Need a pair of kicks to match an outfit? Perhaps you’d like to jazz up a tired-looking phone case? Changing patterns and colors can be difficult. But taking a cue from God’s amazing quick-change artists like chameleons, scientists are working to create nonliving objects that change color too.
Massachusetts Institute of Technology’s (MIT) Computer Science and Artificial Intelligence Laboratory has developed what it calls “reprogrammable ink.” The liquid is dubbed “PhotoChromeleon” after its lizard namesake. This high-tech ink changes color when ultraviolet (UV) light hits it. Even better: The process is completely reversible. It can be done over and over. Talk about reuse, recycle!
Yuhua Jin is the lead author on a paper about the PhotoChromeleon project. Yuhua says, “Users could personalize their belongings and appearance on a daily basis, without the need to buy the same object multiple times in different colors and styles.”
PhotoChromeleon could someday help customize just about anything from cars to clothes.
The process uses a mix of photochromic dyes. Photo means “light” and chroma means “color.” Users can create any pattern with it—from zebra prints to checked blocks.
The “magic” of PhotoChromeleon comes from a mix containing basic CMY printing colors: cyan (greenish-blue), magenta (pinkish-purple), and yellow. Different light wavelengths interact with the dye colors. By controlling the light, researchers control what color the dyes turn. According to MIT researchers, “if you use a blue light, it would mostly be absorbed by the yellow dye and be deactivated, and magenta and cyan would remain, resulting in blue,” and so on.
The scientists use a computer to map a design or image onto an object. (One test item was actually a toy chameleon!) They spray PhotoChromeleon onto the object and then place it inside a box. Projecting UV light onto the object activates the colors—and thereby the pattern.

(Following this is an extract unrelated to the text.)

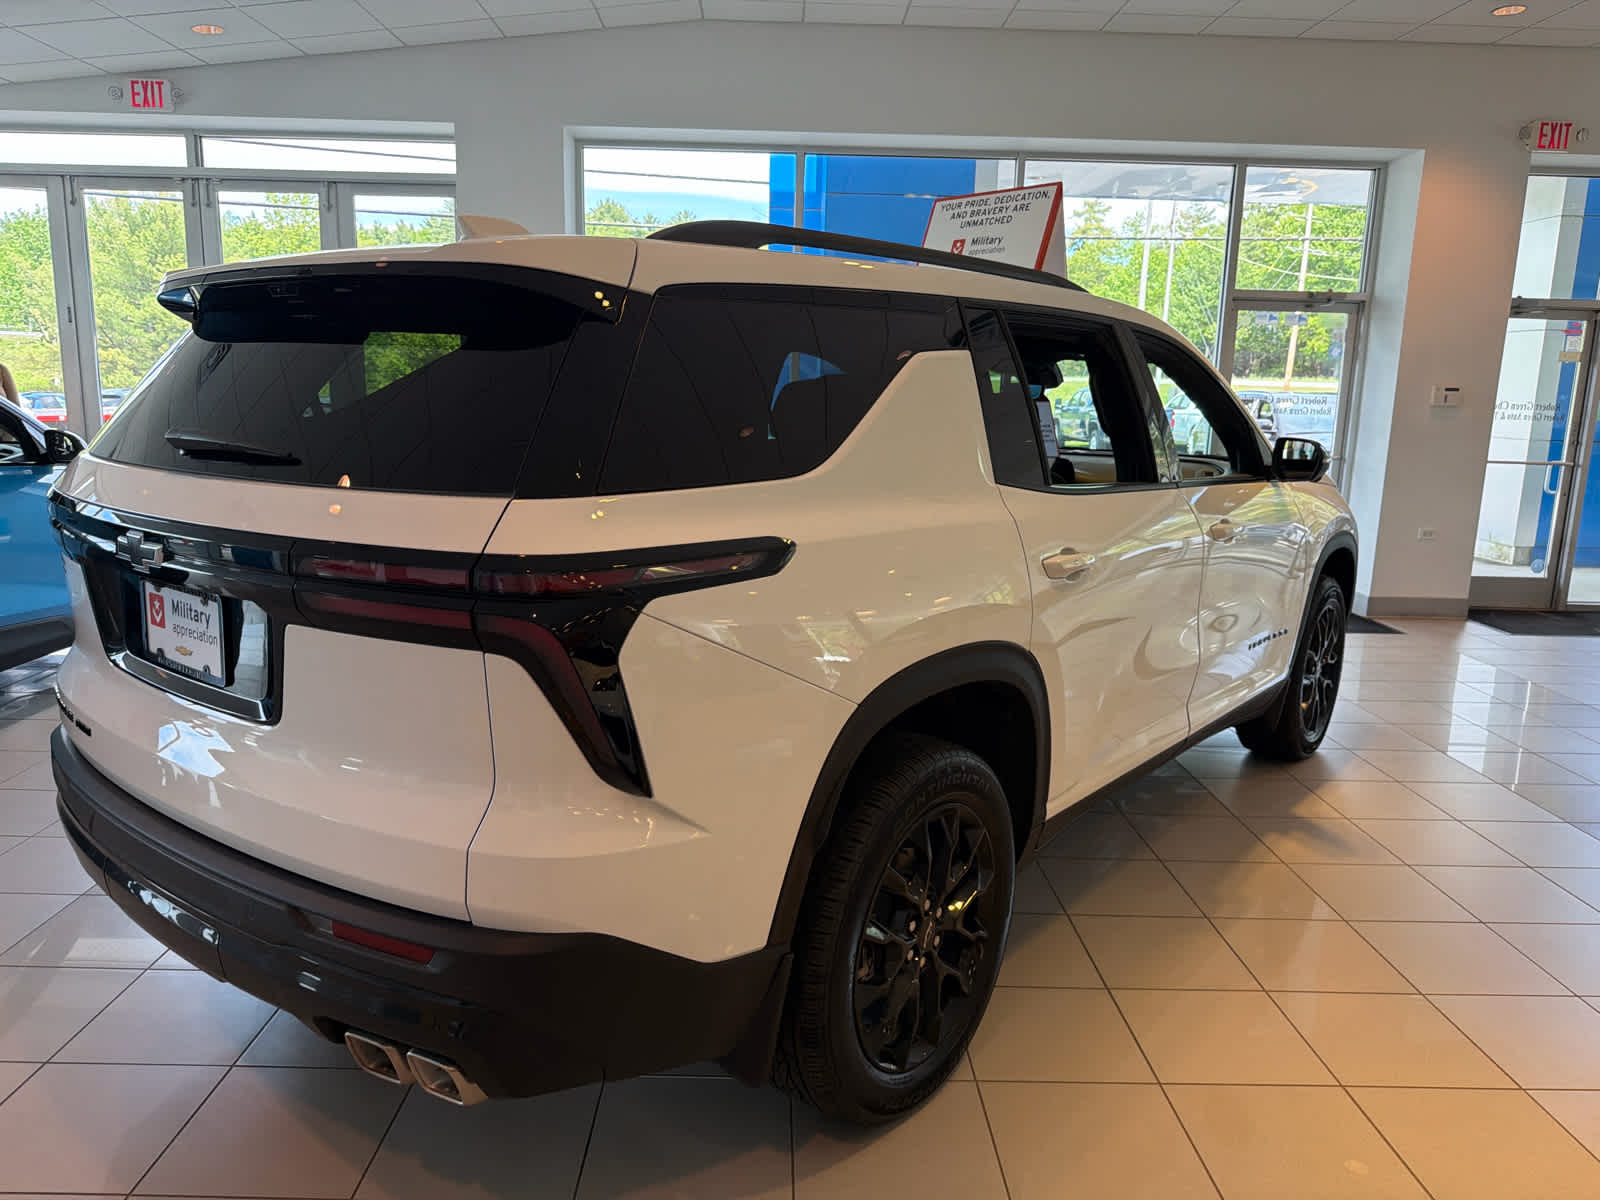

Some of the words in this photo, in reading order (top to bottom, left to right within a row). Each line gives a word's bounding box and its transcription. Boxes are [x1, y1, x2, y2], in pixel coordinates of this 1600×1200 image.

Getting rid of the pattern is easy. Just hit the object with UV light again.
MIT Professor Stefanie Mueller says allowing users to customize belongings could save resources. Even more, the system allows for lots of creativity. Ford Motor Company agrees. Scientists at Ford have been collaborating with MIT on the color-changing project.
PhotoChromeleon “could reduce the number of steps required for producing a multicolor part,” says Ford technical specialist Alper Kiziltas. It could also “improve the durability of the color from weathering or UV degradation. One day, we might even be able to personalize our vehicles on a whim.”